Exercise objective ▸ Repeat every record below exactly, leaving out the pictures.

Working data ▸
********
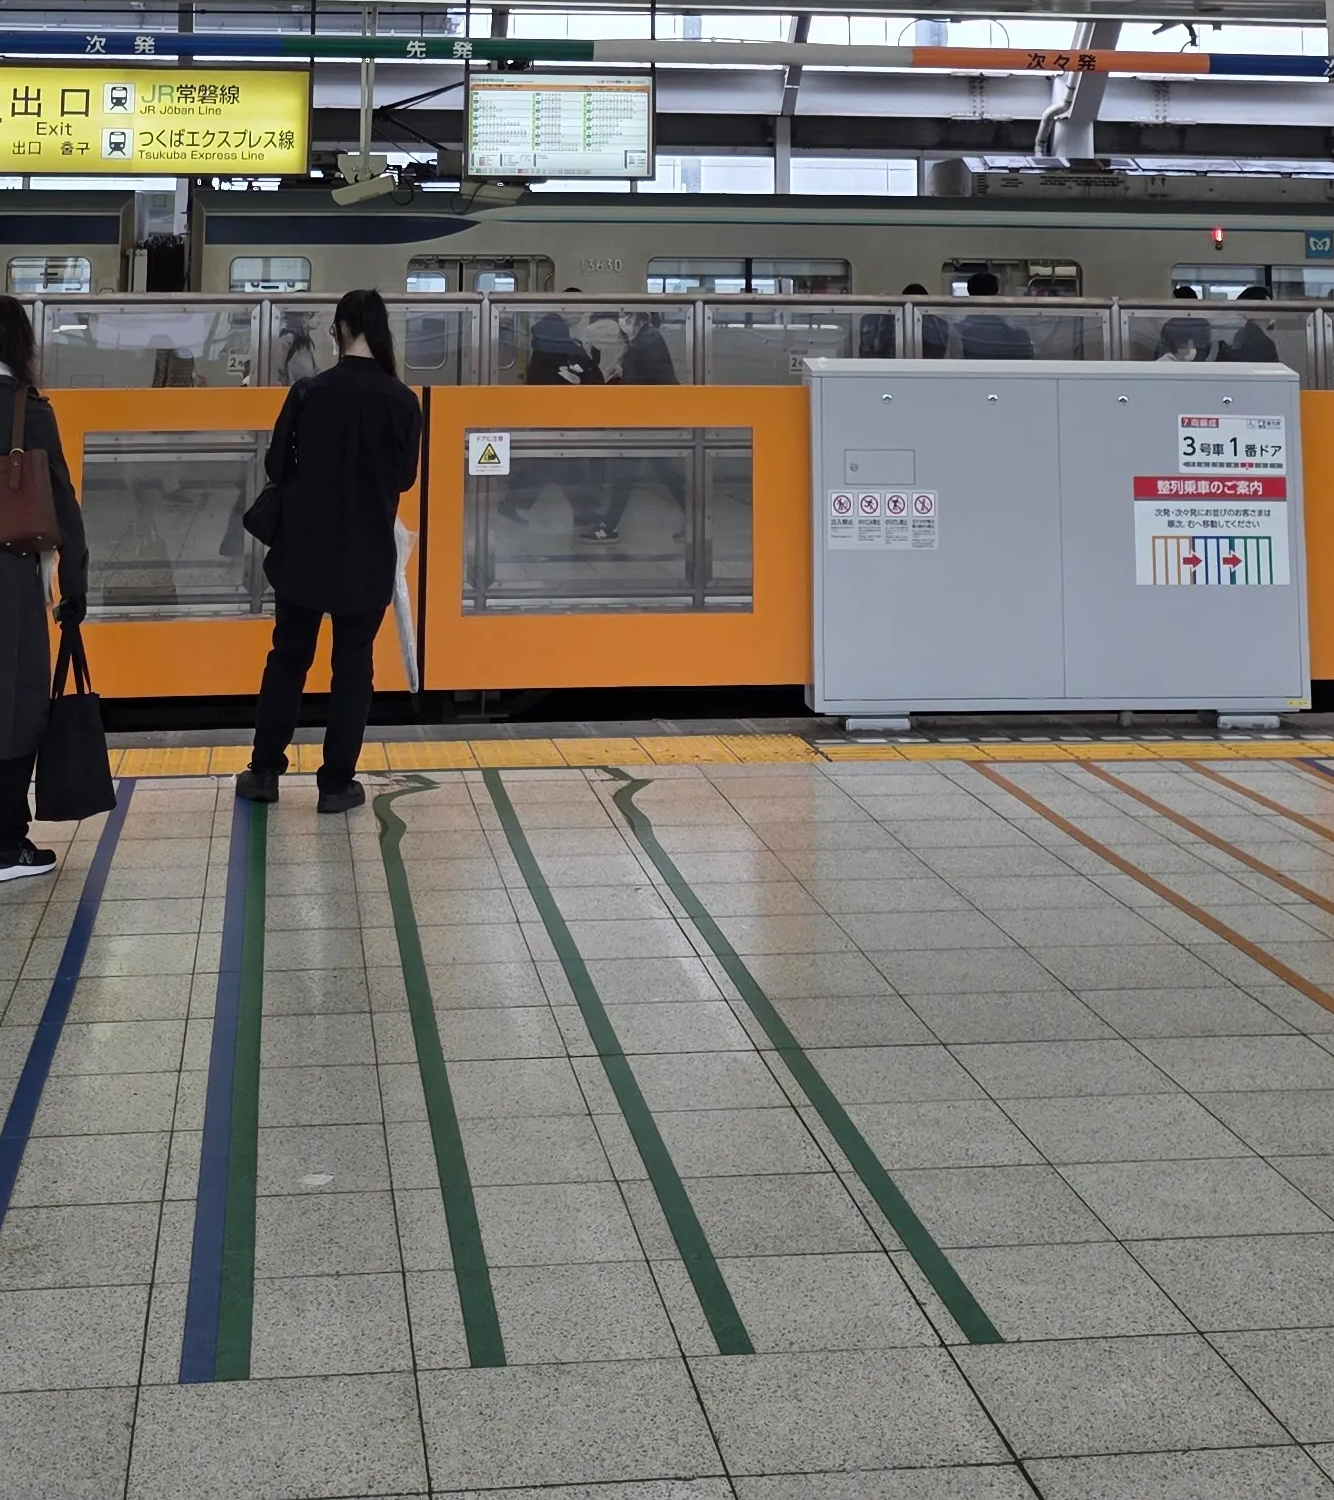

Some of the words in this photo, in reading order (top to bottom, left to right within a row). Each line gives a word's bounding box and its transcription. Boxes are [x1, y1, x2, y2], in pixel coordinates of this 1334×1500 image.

[85, 35, 156, 55] 次発
[406, 40, 473, 59] 先発
[1026, 53, 1097, 71] 次々発
[11, 85, 90, 117] 出口
[141, 83, 240, 105] JR常磐線
[139, 106, 156, 115] JR
[199, 106, 222, 116] Line
[36, 121, 73, 136] Exit
[12, 140, 42, 155] 出口
[139, 129, 295, 150] つくばエクスプレス線
[138, 150, 187, 160] Tsukuba
[191, 150, 238, 161] Express
[241, 150, 265, 161] Line
[581, 258, 622, 272] 13630
[1157, 480, 1263, 495] 整列乗車のご案内
********
Completed exercise ▸
Some of the words in this photo, in reading order (top to bottom, left to right within a row). Each line gives a word's bounding box and its transcription. Boxes are [x1, y1, x2, y2], in pixel coordinates of this 1334×1500 image.

[85, 35, 156, 55] 次発
[406, 40, 473, 59] 先発
[1026, 53, 1097, 71] 次々発
[11, 85, 90, 117] 出口
[141, 83, 240, 105] JR常磐線
[139, 106, 156, 115] JR
[199, 106, 222, 116] Line
[36, 121, 73, 136] Exit
[12, 140, 42, 155] 出口
[139, 129, 295, 150] つくばエクスプレス線
[138, 150, 187, 160] Tsukuba
[191, 150, 238, 161] Express
[241, 150, 265, 161] Line
[581, 258, 622, 272] 13630
[1157, 480, 1263, 495] 整列乗車のご案内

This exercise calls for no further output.